GIVEN DATA:
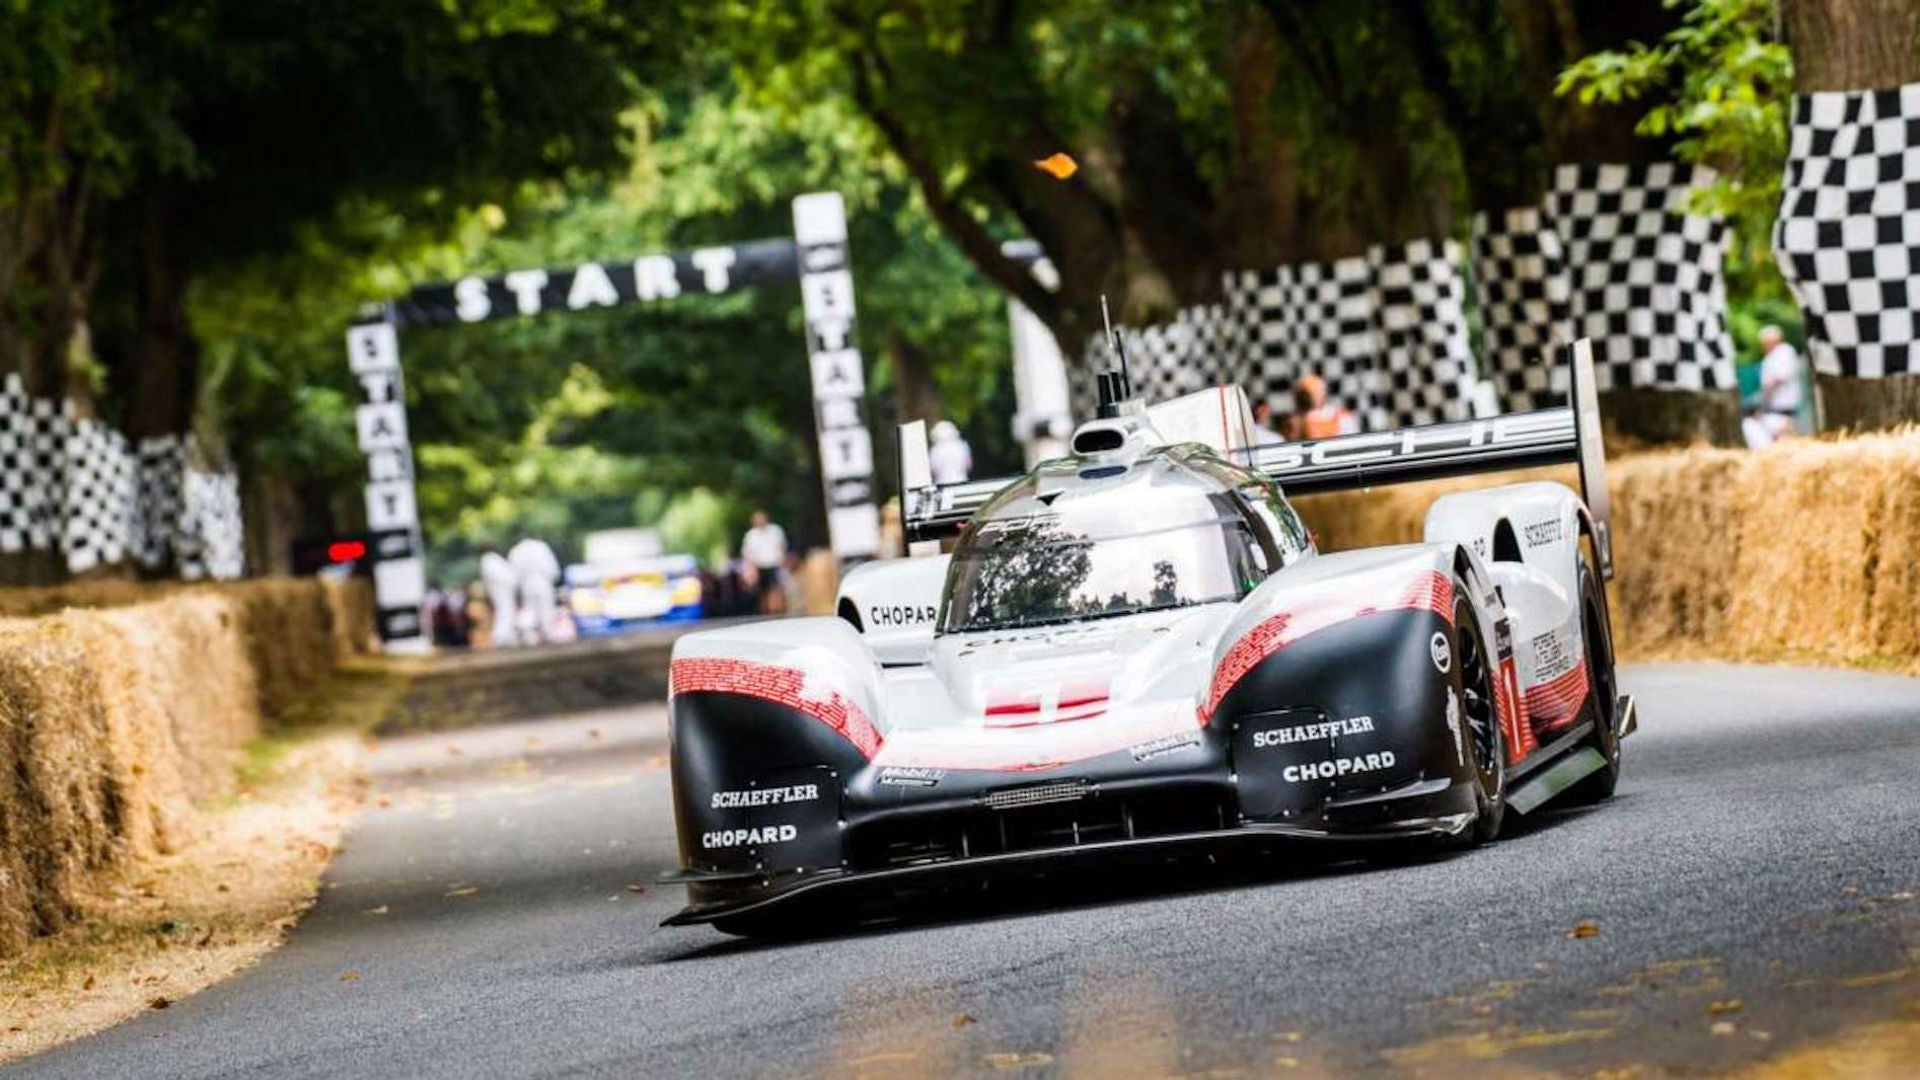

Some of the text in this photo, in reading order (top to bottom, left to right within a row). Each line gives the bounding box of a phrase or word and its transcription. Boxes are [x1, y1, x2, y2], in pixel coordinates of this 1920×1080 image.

[453, 246, 737, 322] START
[871, 605, 937, 626] CHOPAR
[1253, 716, 1375, 748] SCHAEFFLER
[1283, 751, 1396, 783] CHOPARD
[711, 783, 819, 808] SCHAEFFLER
[702, 824, 797, 848] CHOPARD

TASK REQUIREMENTS: Word-for-word repeat, images excluded: return all the data.

EXERCISE OUTPUT:
Some of the text in this photo, in reading order (top to bottom, left to right within a row). Each line gives the bounding box of a phrase or word and its transcription. Boxes are [x1, y1, x2, y2], in pixel coordinates of this 1920×1080 image.

[453, 246, 737, 322] START
[871, 605, 937, 626] CHOPAR
[1253, 716, 1375, 748] SCHAEFFLER
[1283, 751, 1396, 783] CHOPARD
[711, 783, 819, 808] SCHAEFFLER
[702, 824, 797, 848] CHOPARD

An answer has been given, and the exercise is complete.